Thursday 🇵🇸 Reflections

Reflections on Day 167 of Genocide

This week, I finished reading Decolonizing Palestine, The Land, The People, The Bible by Mitri Raheb. Raheb is a Palestinian Luteran Pastor and Theologian based in Bethlehem in the Occupied West Bank. The book aims to challenge christians who naively use “language and theological ideas that support current israeli settler colonialism, causing great harm to the people of Palestine.” (IX)

The book is a challenging and enlightening read, not only to evangelical audiences but also mainstream liberal “christian zionist” ideology as exemplified by theologians like Walter Bruggemann.

In order to understand the current phase of genocide, we have to understand roots of the Iraeli Settler project. One key root is imperial land theology which justified settler colonialism here in the United States as well as in Palestine. (here is a quick video on why we should talk about “settler colonialism” instead of “westward expansion” to describe the United States).

Settler Colonial land theology served as the justification of the seizure of the majority of Palestinian lands in 1948. And today, 80% of Palestinians in Gaza are the direct descendants of those expelled in The _Nakba _(catastrophe).

Raheb deconstructs these zionist theologies and puts forward a decolonial Palestinian theology with the hermeneutical keys of land and people. Attached are my notes on his arguments in chapter four disturbing colonial theologies of election through the hermeneutical key of the people.

As a child and youth at Redeemer, I was taught the entire bible through the church school curriculum which included an emphasis on election or being part of a chosen people and belonging to God. Raheb challenges me, and my work in youth ministry, to ensure that we do not teach election as “history of salvation” (127) or “continuous act of selection” (124) which has served as a pretext for religious supremacy and land theft. Instead we must also analyze the sociopolitical and cultural manifestations of election theology both in the biblical times and present day (127). In this way, election becomes a statement of faith and a sign of hope for colonized peoples. (for more see chapter 4 notes attached or read the book)

As my stomach sits empty, I am reminded of the people in Gaza who are being starved by the genocidal Israeli government who is being aided and abetted by the United States. According to the latest IPC report; “virtually all households now skip meals every day in Gaza” and “In [nearly ⅔ of the households of] the northern governorates, people went entire days and nights without eating at least 10 times in the last 30 days.” (United Nations) Furthemore, as stated in the attached prayer, when people do go to get food they are shot and killed daily by the Israeli military. When they take shelter in hospitals the Israeli military lays seige with American weapons.

This cannot continue.

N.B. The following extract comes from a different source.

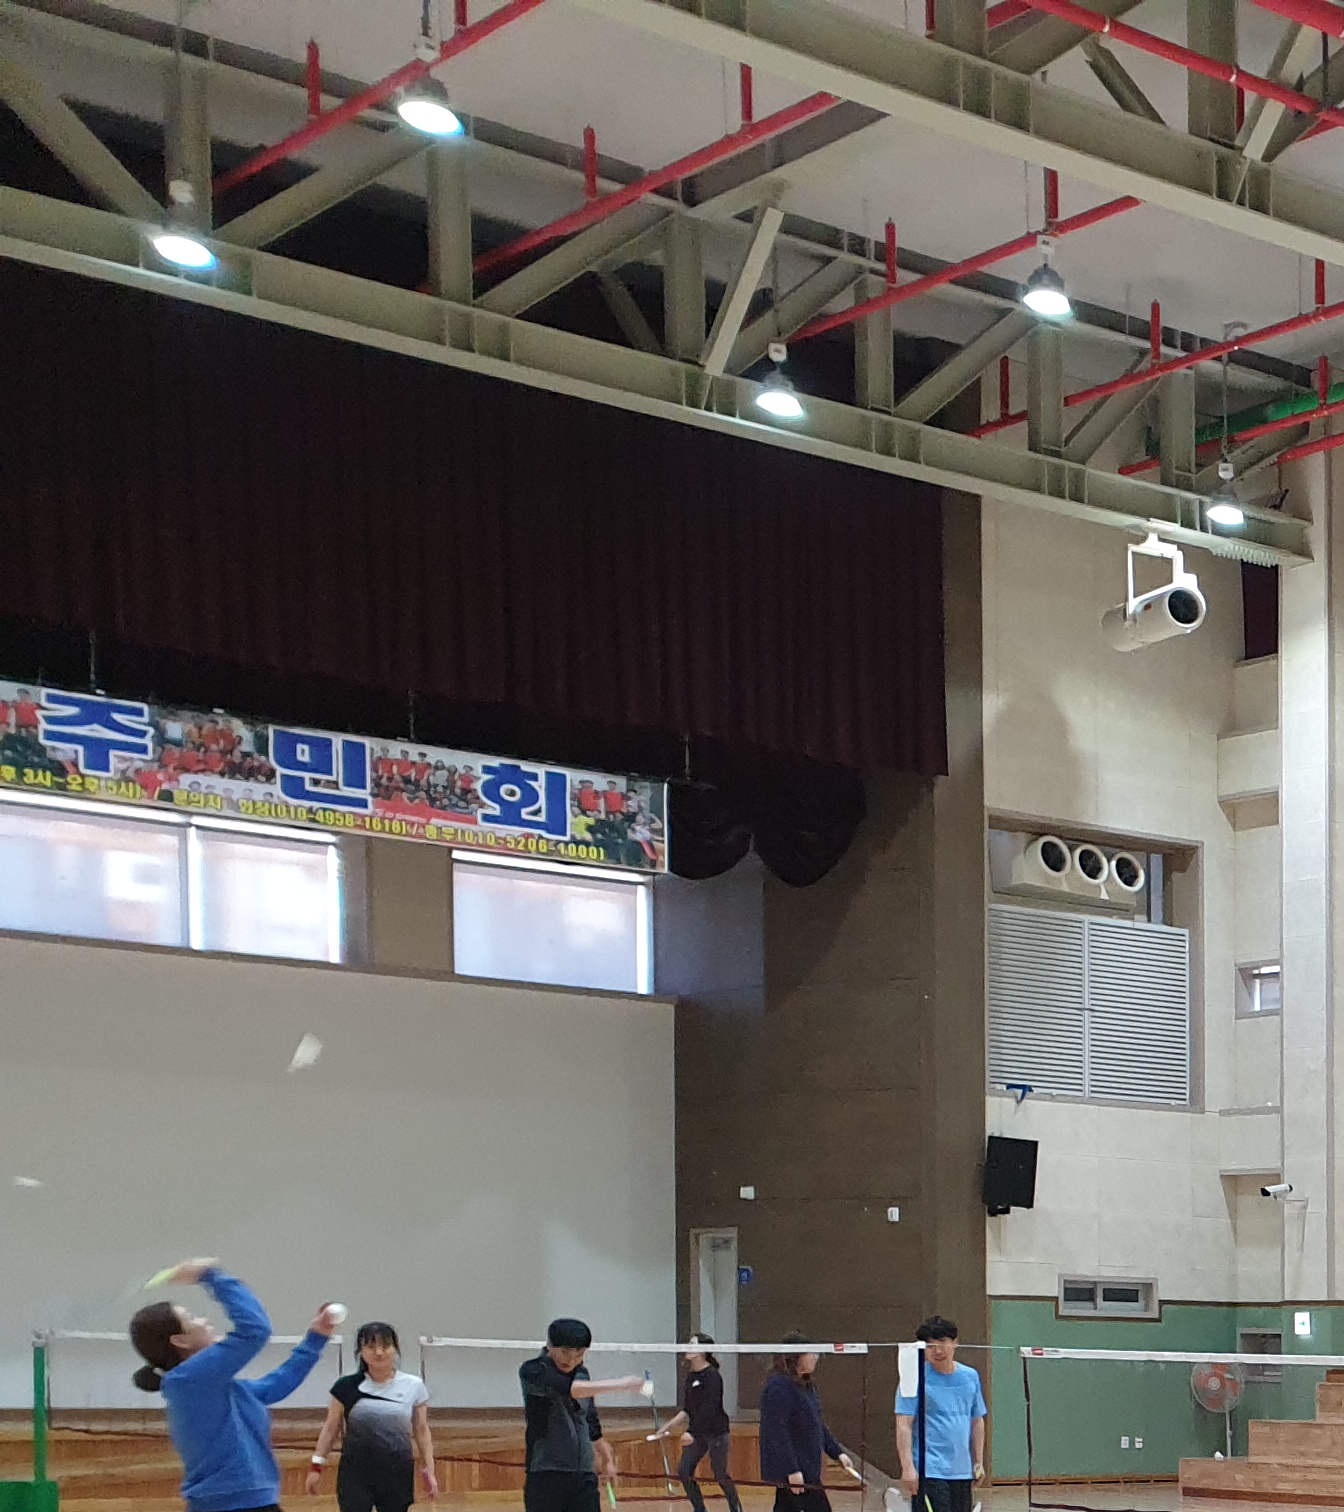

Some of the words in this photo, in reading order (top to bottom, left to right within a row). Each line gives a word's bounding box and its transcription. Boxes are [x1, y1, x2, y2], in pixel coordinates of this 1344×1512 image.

In the struggle against apartheid in South Africa (another settler state cloaked in christian theology) it took international solidarity via boycotts and sanctions to force change. I am grateful for the courageous students at Stanford who are trying to get a motion passed in our student government to divest from genocide. I am also grateful to the people of Haward who have divested 1.6 million from their city funds from companies complicit in Israel’s settler state. On Saturday, I am planning to join the Interfaith Gaza Ceasefire Pilgrimage for leg 3. The other day someone asked me “do you think these protests actually matter?” This morning the Secretary of State of the US called for an immediate and sustained ceasefire, a position unthinkable a couple months ago. This is only made possible by the missions who have taken the streets, filled their politicians email and phone inboxes, and shut things down to force our government to act. If we are to be the hands and feet of Jesus, we must continue to act until the refugees are allowed to return and the border walls, theology, police and barriers of the apartheid regime fall.